Segundo o BC, responsável pela divulgação, a mudança tem o objetivo de tornar o produto menos “regressivo”, considerando que o cheque especial é hoje utilizado principalmente por clientes de menor poder aquisitivo.

Em outubro, segundo o BC, o juro médio do cheque especial ficou em 305,9% ao ano (o equivalente a 12,4% ao mês). Com a mudança, essas taxas devem cair praticamente pela metade, a 150% ao ano, segundo o diretor de Organização do Sistema Financeiro e Resolução do BC, João Manoel Pinho de Mello.

Em nota, a Federação Brasileira de Bancos (Febraban) afirmou que vai analisar a resolução aprovada pelo CMN para avaliar os impactos da medida. Para o ex-economista da entidade Roberto Troster, a alteração não contrariaria o discurso liberal do governo.
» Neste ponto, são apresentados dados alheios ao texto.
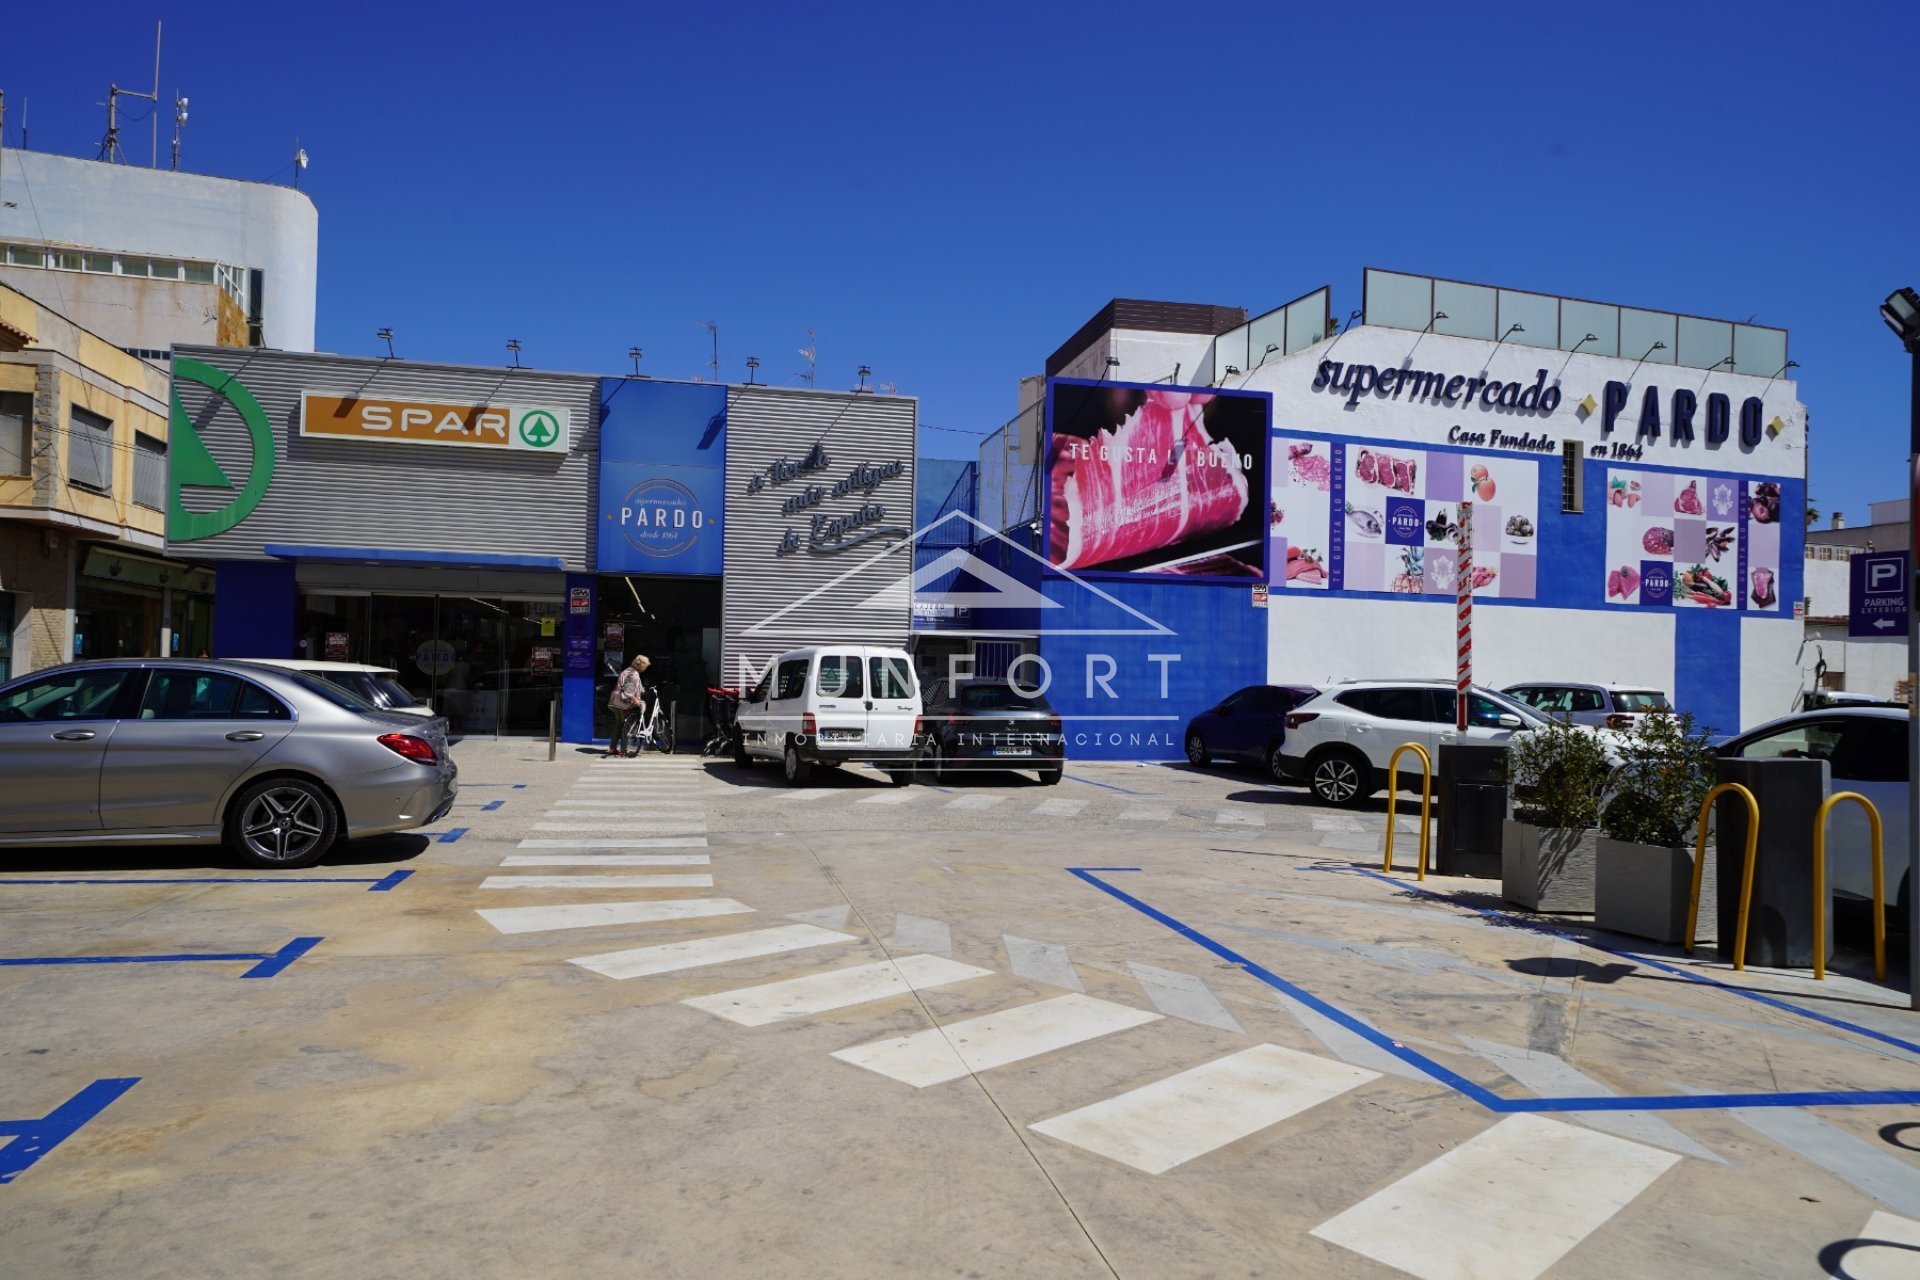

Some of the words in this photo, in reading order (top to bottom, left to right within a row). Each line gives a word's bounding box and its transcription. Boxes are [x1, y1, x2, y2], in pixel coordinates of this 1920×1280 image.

[1314, 359, 1562, 412] supermercado
[361, 406, 506, 437] SPAR
[1604, 380, 1764, 447] PARDO
[1070, 442, 1090, 460] TE
[1100, 447, 1157, 463] GUSTA
[1449, 426, 1486, 444] Casa
[1489, 429, 1556, 451] Fundada
[1590, 444, 1607, 456] en
[1611, 442, 1643, 458] 1864
[1334, 449, 1342, 490] BUENO
[1334, 498, 1342, 512] LO
[621, 507, 703, 529] PARDO
[1392, 516, 1420, 527] PARDO
[1333, 521, 1342, 560] GUSTA
[1333, 569, 1341, 582] TE
[1645, 578, 1669, 588] PARDO
[1871, 564, 1897, 587] P
[1861, 606, 1907, 614] EXTERIOR
[1864, 597, 1904, 607] PARKING
Ele comparou o limite imposto ao bancos à proibição da pesca durante períodos de defeso. “É preciso proteger os banqueiros dos banqueiros”, afirmou Troster. “As taxas muito altas criam muitas externalidades negativas.”
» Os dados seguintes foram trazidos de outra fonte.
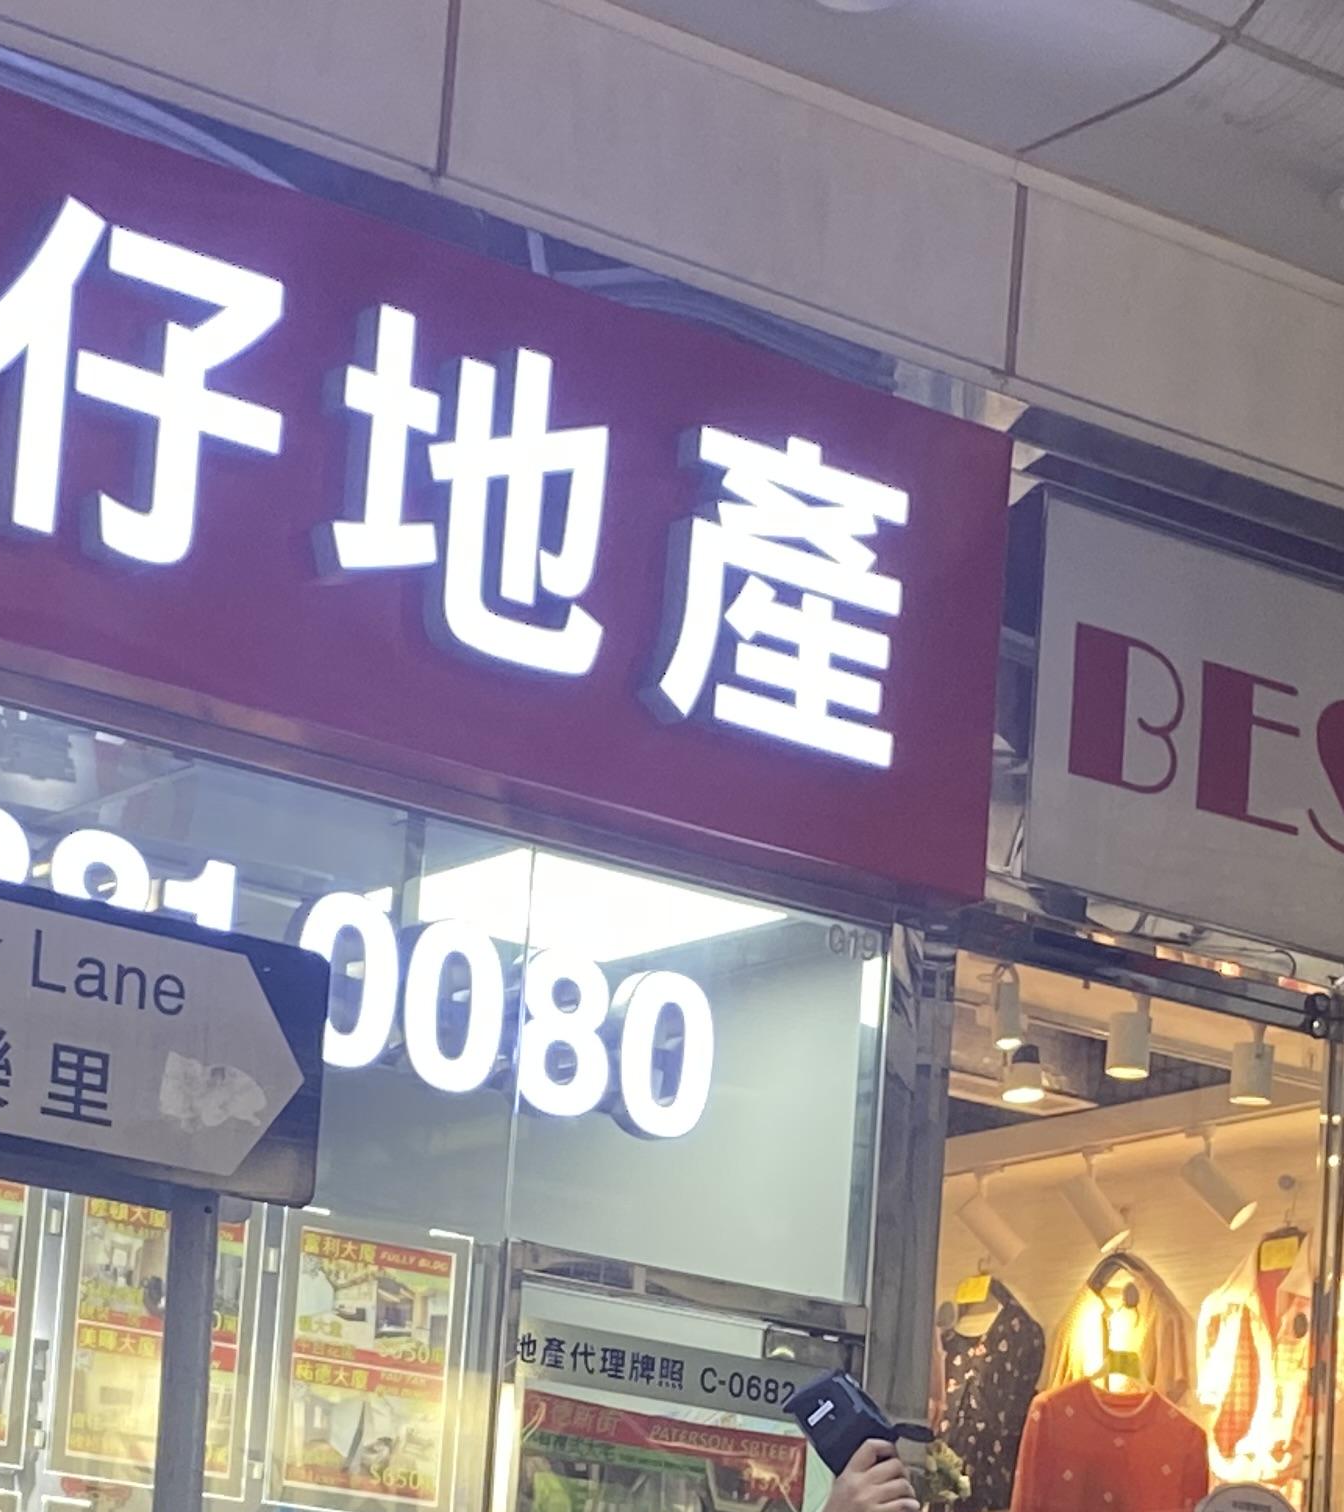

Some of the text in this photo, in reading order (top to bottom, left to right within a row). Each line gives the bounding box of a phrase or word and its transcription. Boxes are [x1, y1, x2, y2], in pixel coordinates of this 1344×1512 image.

[31, 928, 187, 1017] Lane
[299, 891, 716, 1141] 0080
[516, 1332, 685, 1392] 地產代理牌照
Já o economista Samuel Pessoa, pesquisador do Ibre/FGV, afirmou que a medida “é estranha” dentro de um governo de tendência liberal. “O argumento para a definição de um teto supõe a irracionalidade do consumidor, que ele vai se expor a uma dívida mais do que é bom para ele e para a sociedade.” Ele lembra, porém, que uma taxa anualizada de 150% ou 170% não pode ser considerada baixa. “É até bem alta”, afirmou.

No início do mês, a Caixa Econômica Federal chegou a anunciar a redução de suas taxas mínimas (de 8,99% para 4,99% ao mês), gesto que foi visto pelo mercado como uma tentativa do governo de usar os bancos oficiais para forçar a queda de juros no varejo – ainda longe do ritmo de corte determinado pelo governo para a taxa básica de juros, a Selic, hoje em 5% ao ano.

Desde julho do ano passado, numa iniciativa patrocinada pela própria Febraban, os bancos passaram a oferecer parcelamento para dívidas no cheque especial. A opção vale para débitos superiores a R$ 200. A expectativa da entidade era que a migração para linhas mais baratas acelerasse a tendência de queda do juro cobrado ao consumidor. Isso não ocorreu. Em junho de 2018, antes do início da nova dinâmica, a taxa do cheque especial estava em 304,9% ao ano – abaixo, portanto, do patamar registrado pelo Banco Central em outubro passado.

Tarifa. Além de colocar um teto para os juros, o governo vai permitir que os bancos cobrem uma tarifa do cliente que quiser usar o cheque especial, sendo vedada a cobrança para limites de crédito de até R$ 500. Segundo o BC, cerca de 19 milhões de usuários do cheque especial se enquadram nessa categoria, de um universo total de 80 milhões de clientes.

Para quantias superiores, poderá ser cobrada tarifa mensal de até 0,25% sobre o valor que exceder a R$ 500. A tarifa deverá ser descontada do valor devido a título de juros de cheque especial no respectivo mês.

Para os contratos em vigor, a incidência de tarifa só será permitida a partir de 1 º de junho de 2020, caso não venham a ser repactuados antes, cabendo à instituição financeira comunicar ao cliente a sua incidência com 30 dias de antecedência.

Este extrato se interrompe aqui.